In that group, the vaccine slowed brain decline by around 30% in two different clinical and functional tests, Novak said.
"The results of analysis perfectly align with the tau hypothesis—simply put, if the patient is tau biomarker positive, then tau pathology is responsible for his/her cognitive decline, and halting tau pathology should slow or halt progression," Novak said. "If the patient is negative for markers of tau pathology, then this patient's impairment is mainly due to other pathologies, and treating tau pathology in this patient won't be meaningful."
AXON is planning a follow-up trial that will include a better-defined group of Alzheimer's patients suffering from both amyloid plaques and tau tangles, Novak said.
If the results from that trial are positive, the company might apply to the U.S. Food and Drug Administration for the same accelerated approval pathway recently used to bring the controversial Alzheimer's drug aducanumab to market, Novak said.
In the current trial, a total of 196 patients were randomly chosen to receive either the vaccine or a placebo.
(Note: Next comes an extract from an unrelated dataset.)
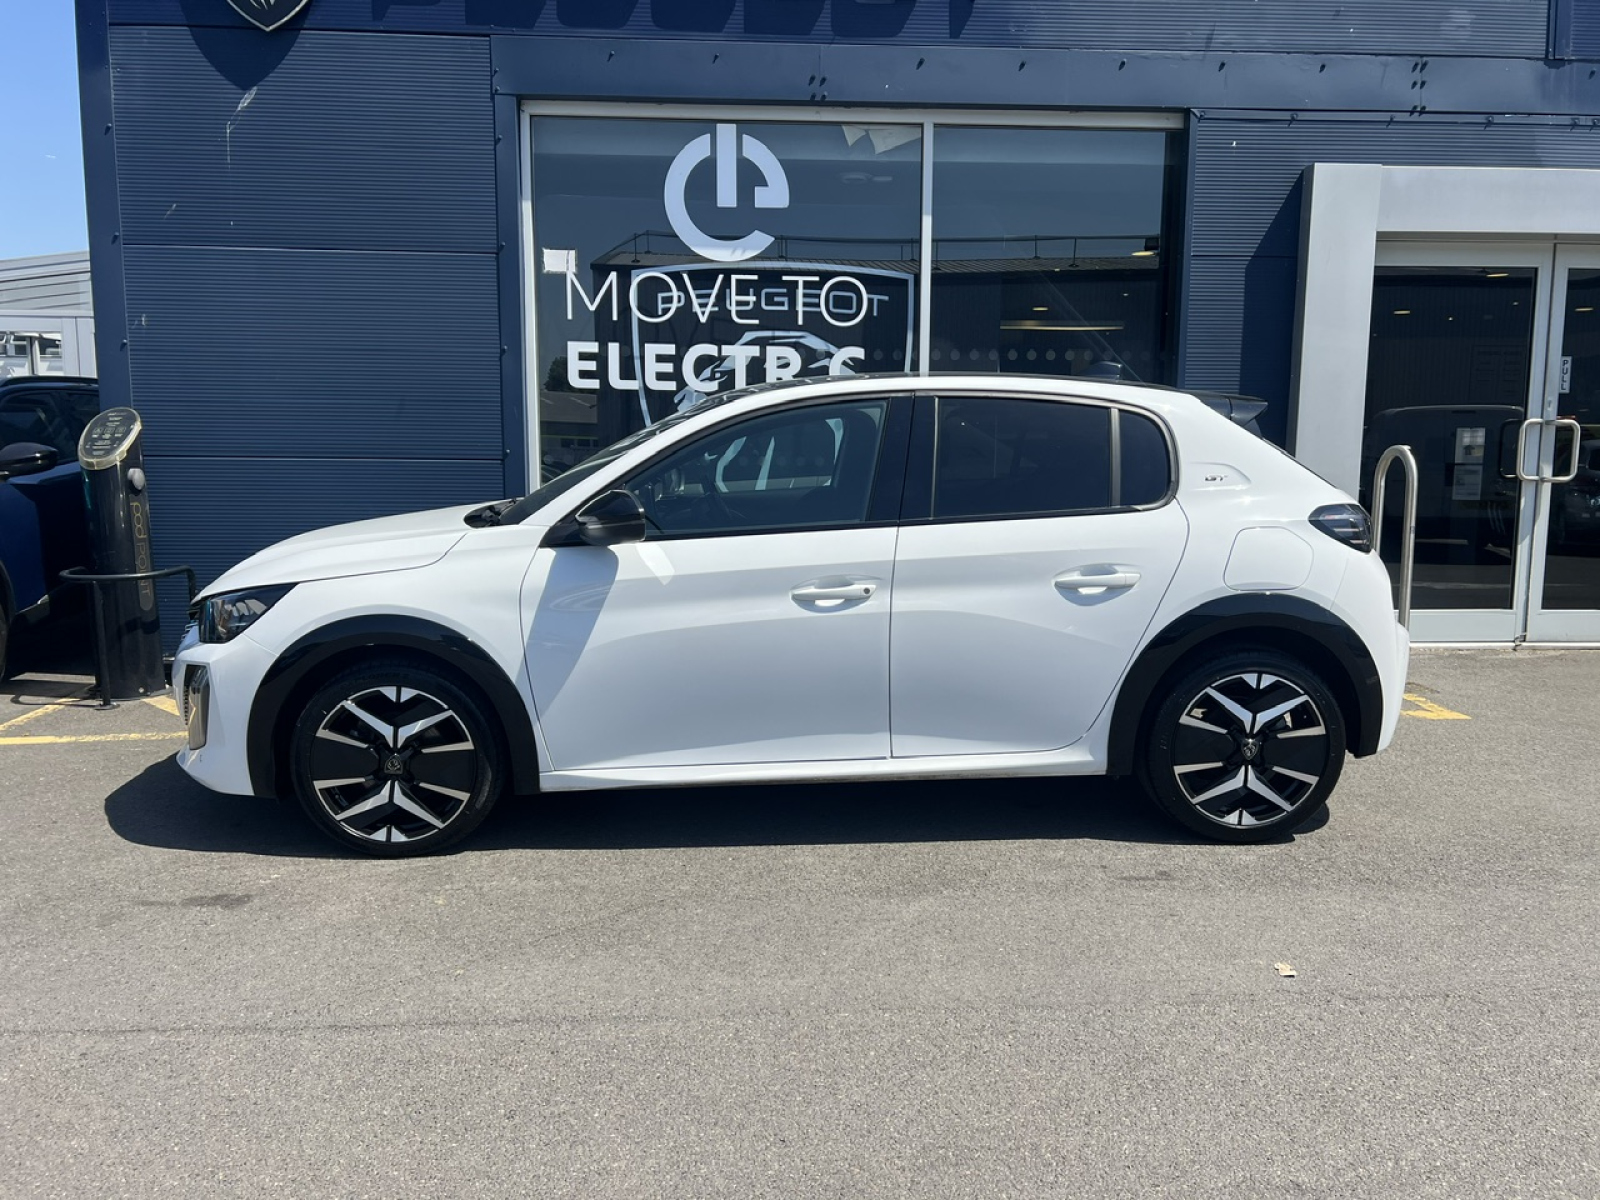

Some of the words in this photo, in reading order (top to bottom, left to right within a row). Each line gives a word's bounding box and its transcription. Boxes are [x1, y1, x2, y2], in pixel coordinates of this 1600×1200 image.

Nearly all patients who got the vaccine developed antibodies designed to head off the spread of abnormal tau while leaving healthy tau proteins intact, Novak said.
The vaccine significantly reduced—by 58%—the accumulation of neurofilament light chain in the blood. This is an important biomarker of neurodegenerative diseases, Novak said—damaged nerve cells release the substance, which leaks into the blood.
Patients given the vaccine also experienced a reduction in cerebrospinal fluid biomarkers of abnormal tau, results show.
The findings were published June 14 in the journal Nature Aging.
There's still hope for this approach to treating Alzheimer's disease despite the somewhat mixed results from this trial, said Rebecca Edelmayer, senior director of scientific engagement at the Alzheimer's Association.
"When they do design their phase 3, they're going to need to be better about that part of the study design, and really focus on enrolling individuals that have the right biomarkers to be able to look at not only the safety and tolerability but also the efficacy on cognition and function," Edelmayer said.
The vaccine approach is promising because using the body's immune system to fight Alzheimer's would sidestep one of the problems in developing a drug to treat the disease—namely that it's difficult to design medications that can easily enter the brain and attack a specific target, Edelmayer explained.
Through booster doses given every three months, the vaccine is "training your body over time how to react to the pathological tau," Edelmayer said. "You will likely need additional shots of this particular therapeutic to keep it as productive as possible in targeting that tau."